While the majority of the economic and financial concerns of recent years and their effects have mostly subsided, many still adhere to a cautious sense of convenience, having learned thru hardship first hand Caring for and training your horses are still just about as costly as before the commercial crisis. Not a huge amount of equestrians have the budget to accomplish what they desire with their horses, but interrelated costs haven’t dropped much at all. So what are we to do in the face of mandatory practicality and limited financial reach? Improvisation.

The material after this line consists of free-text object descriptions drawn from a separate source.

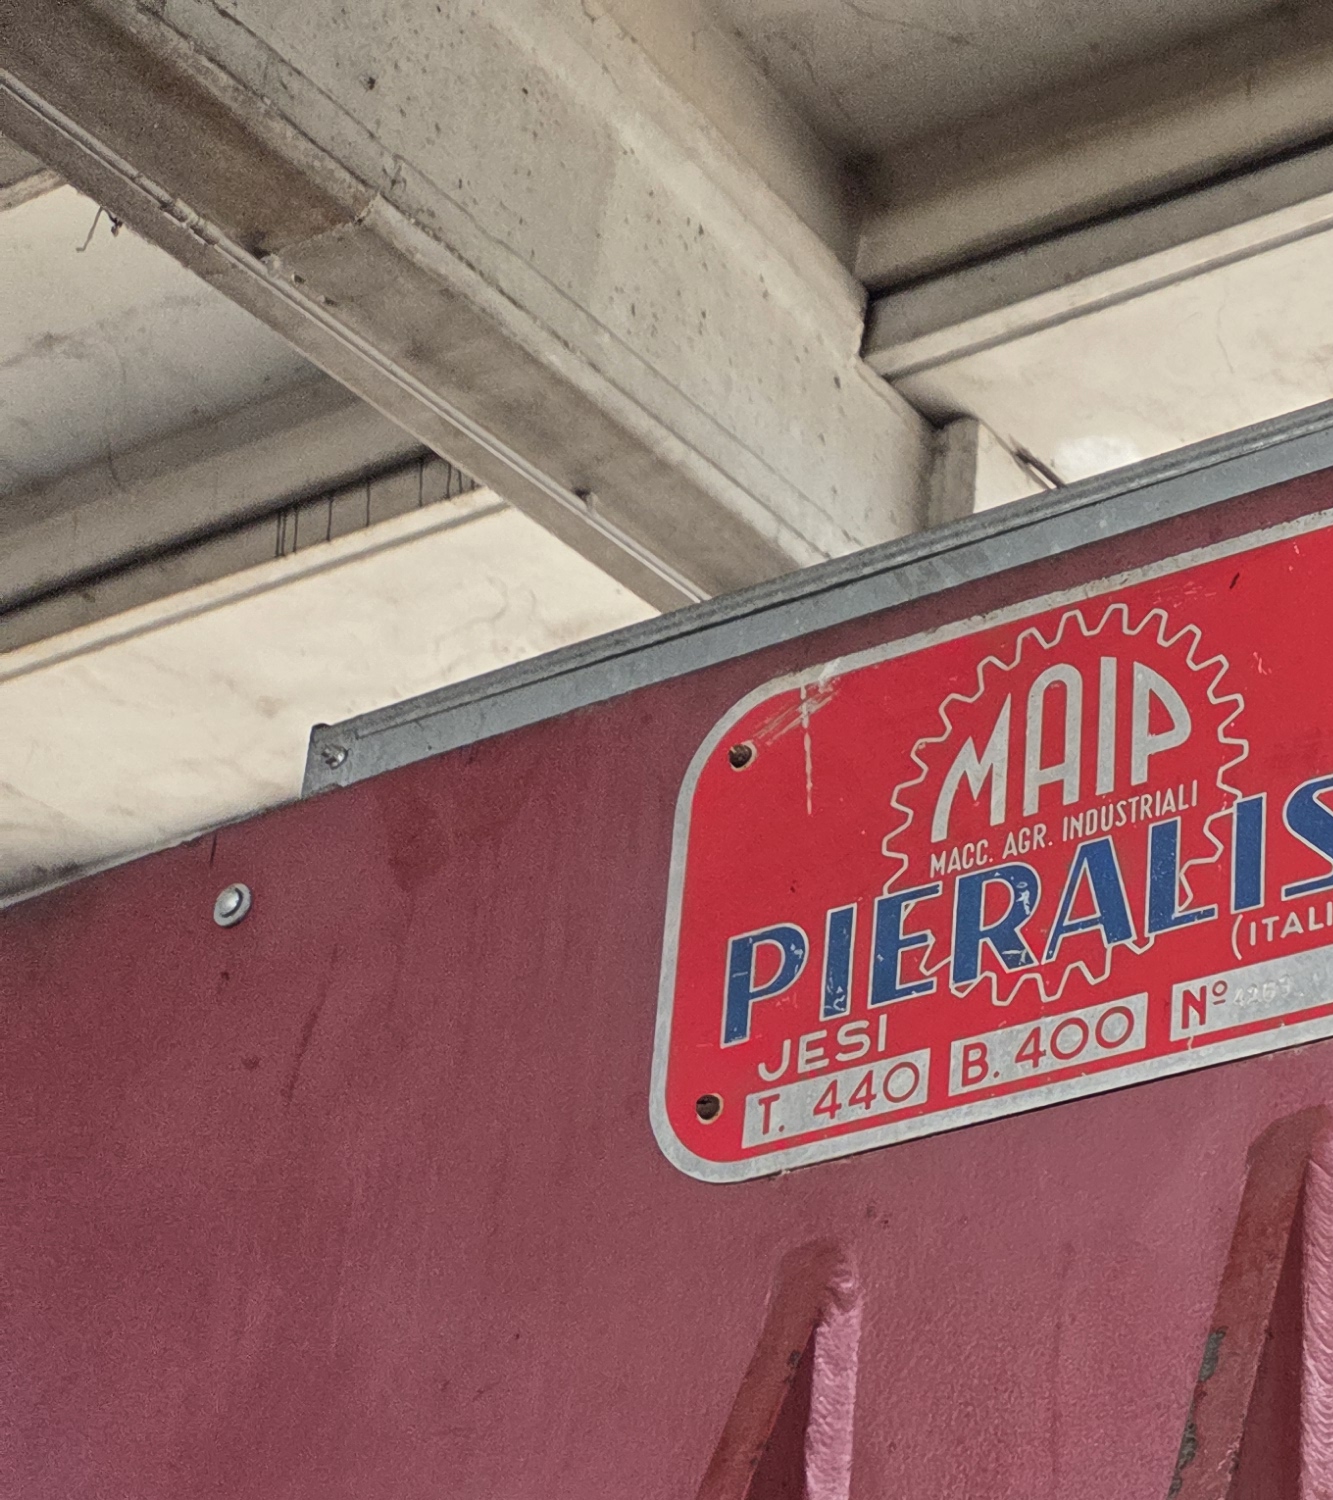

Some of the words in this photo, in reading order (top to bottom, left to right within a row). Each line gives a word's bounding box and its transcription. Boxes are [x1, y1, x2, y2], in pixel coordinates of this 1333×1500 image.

[931, 656, 1192, 844] MAIP
[930, 837, 995, 880] MACC.
[1002, 826, 1055, 860] AGR.
[1063, 780, 1198, 842] INDUSTRIALI
[757, 1014, 888, 1083] JESI
[958, 1040, 1001, 1084] B.
[1015, 1004, 1136, 1071] 400
[757, 1096, 787, 1136] T.
[811, 1060, 921, 1120] 440

Yes, we will still enjoy ourselves with slow pony riding, but many equestrian trainers still have burning desires to coach their horses for sport. And though not precisely for dressage level events, the game trainers want to compete in still comprise infrastructure and training methods that in turn need financial capacity—or at least creativeness and ingenuity to by-pass that. Indeed, with a little retrospection, bartering, and borrowing, a coach can do a lot with what’s at hand. Frankly, what you can cook up won’t be adequate to prepare for dressage, but your target is cheap horse activities that prosper even in such a constricted economy. Dressage does not precisely fit the bill.

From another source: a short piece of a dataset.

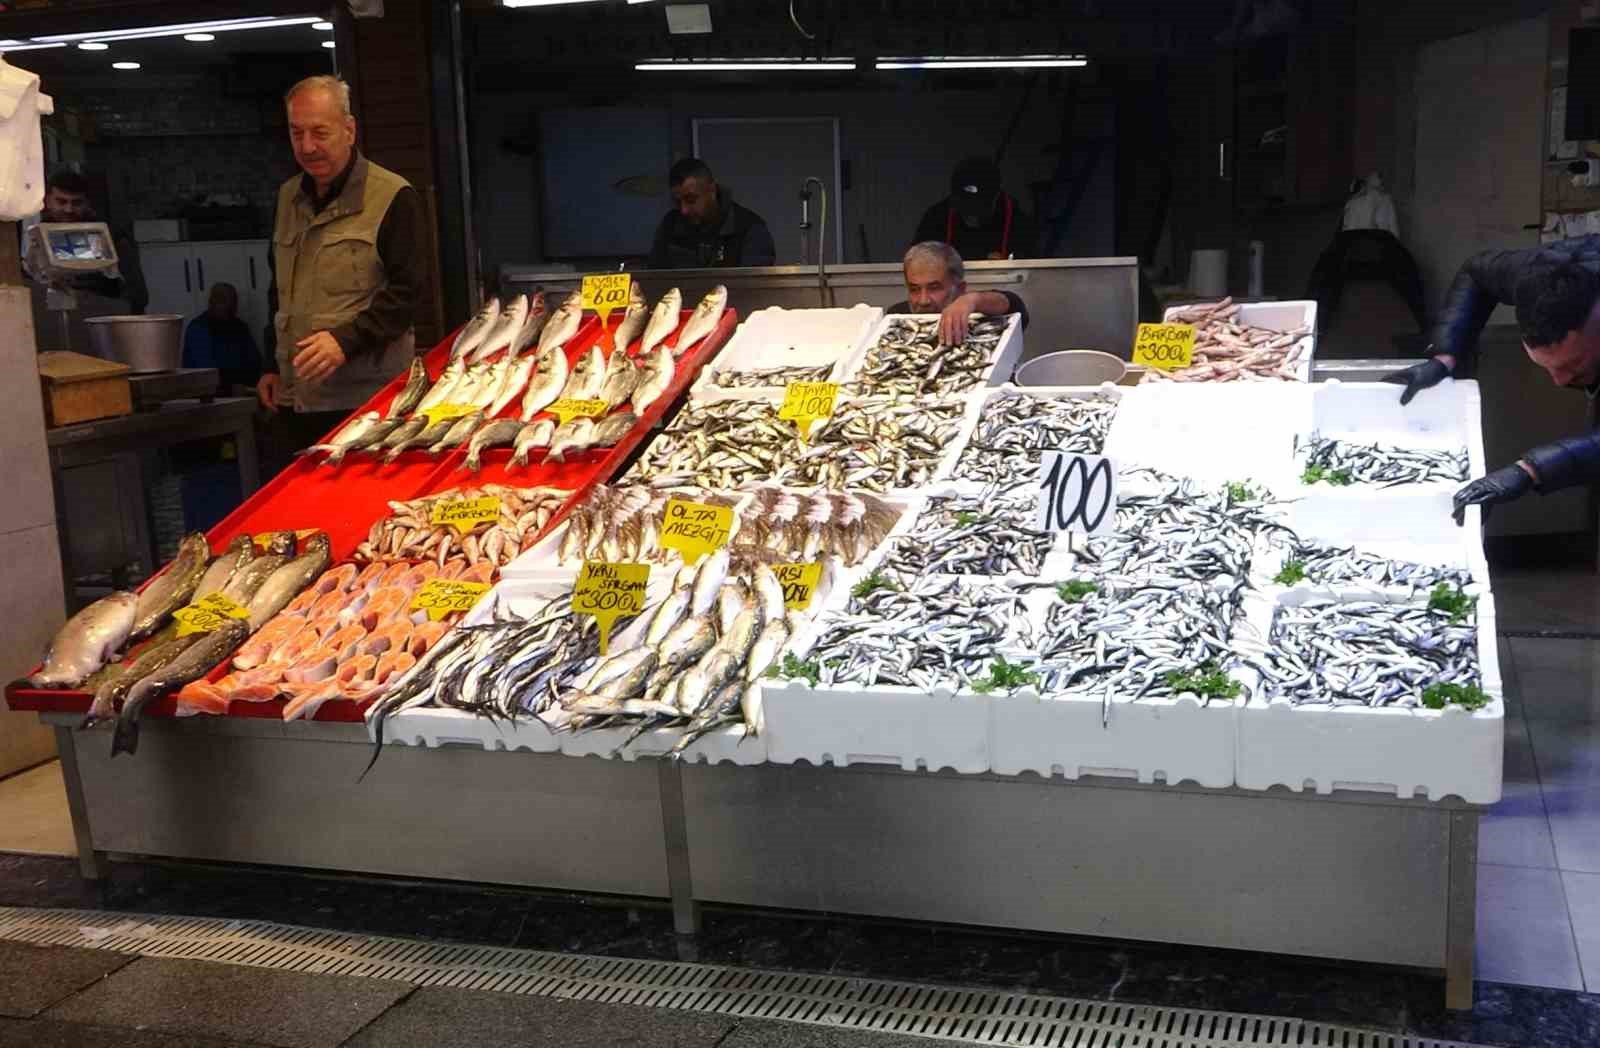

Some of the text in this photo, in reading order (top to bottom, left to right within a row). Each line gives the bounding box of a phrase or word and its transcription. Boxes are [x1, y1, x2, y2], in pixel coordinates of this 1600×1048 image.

[1139, 326, 1192, 342] BARBON
[799, 396, 833, 417] 100
[1040, 453, 1113, 533] 100
[671, 504, 717, 521] OLTA

So let’s see what you were given first. Retrospect. See what you have handy and imagine what you can do with it. If you’ve got a piece of flat land you use to house two or three corrals, why not change your point of view? Instead of corrals, why don’t you use the space to substantiate a coaching pen on good footing? But wait, though that is sufficient room for horse riding, is there anything you can train your horses for with it? Well, what about jumping?
You probably have equestrian friends who’ve got a couple of jumps scattered around. Borrow them. Set them up in the new training pen. Naturally, you will need to clear the space and set up the new perimeter. Doing so alone would take great time and effort, so barter with neighbors so they can help you. Do one chore for them in return for their aid. Now that everything’s set up, it is time to proceed with the jumping training.

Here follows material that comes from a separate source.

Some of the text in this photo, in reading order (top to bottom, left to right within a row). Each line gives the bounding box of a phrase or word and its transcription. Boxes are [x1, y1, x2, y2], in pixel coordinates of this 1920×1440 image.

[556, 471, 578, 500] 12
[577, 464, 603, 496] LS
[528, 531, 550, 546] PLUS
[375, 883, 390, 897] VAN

But wait, there are a variety of different jumping difficulties and methods in the equestrian sport. Would one or two jumps be acceptable coaching material? Well, that depends. Here’s where ingenuity and creativeness kicks in the most—even more than when you looked at that piece of flat land and went on to transform it from corrals to a training pen.
You can train horses in several alternate ways to jump across hurdles using even only one jump. It’d be an experiment at most, but stick to your most trusty equestrian training methods. Consult specialists and more experienced trainers and breeders, and use other barriers and environs, like natural hurdles, when horse riding. This way, your horse can also put what she is taught into operation.
Horses are Heather Toms’ passion and she enjoys sharing her extensive knowledge through her 100’s of articles with other horse lovers… like all things about horse rugs.